# My Daily Bread



## hog warden (May 25, 2010)

(Note : my first crack at the new forum. Jury is still out)

Anyway, as for that daily bread........a fresh baked loaf of sourdough........








All sliced up and ready to freeze.....it keeps for weeks if not months this way and a fresh slice is handy to grab. One loaf like this will last me a week or more.







This stuff is made from nothing more than flour, water and salt. No sugar. No milk, no commercial yeast. Starter is nothing more than flour and water, which harbors wild yeast and bacteria.
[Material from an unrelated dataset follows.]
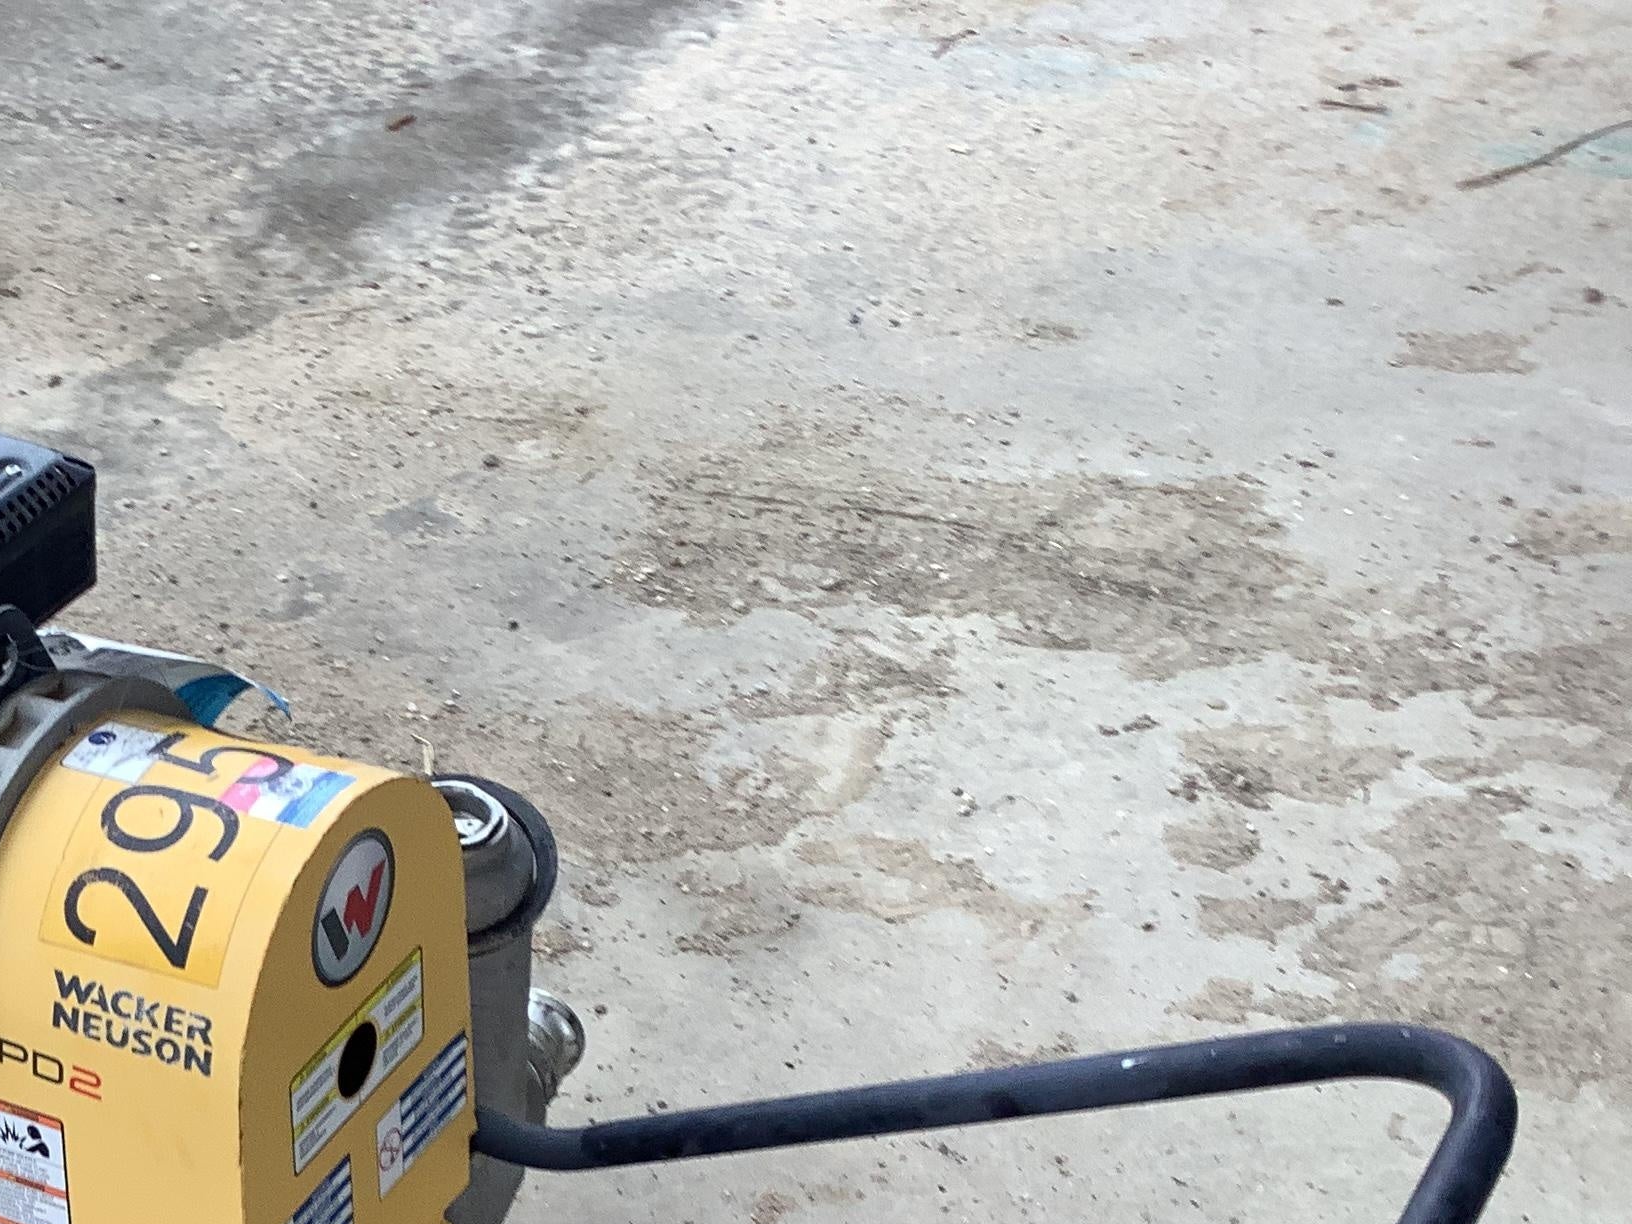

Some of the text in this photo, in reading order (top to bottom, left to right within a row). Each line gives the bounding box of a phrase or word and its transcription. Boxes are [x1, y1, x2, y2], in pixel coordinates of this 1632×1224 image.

The dough is mixed and fermented for 12 to 24 hours before it is baked.

For those of you who are diabetic or have been told to give up breads because of the carbs, this may be something to consider. Apparently, the fermentation process consumes some of the carbs and converts the rest to a complex form that isn't easy to digest like commercial yeast breads are. I've also found evidence that the "sour" acids produced by the bacteria in the sourdough also prevent the carbs from being absorbed from the stomach. End result is lower blood sugar. It is rated as "low" on glycemic index scales.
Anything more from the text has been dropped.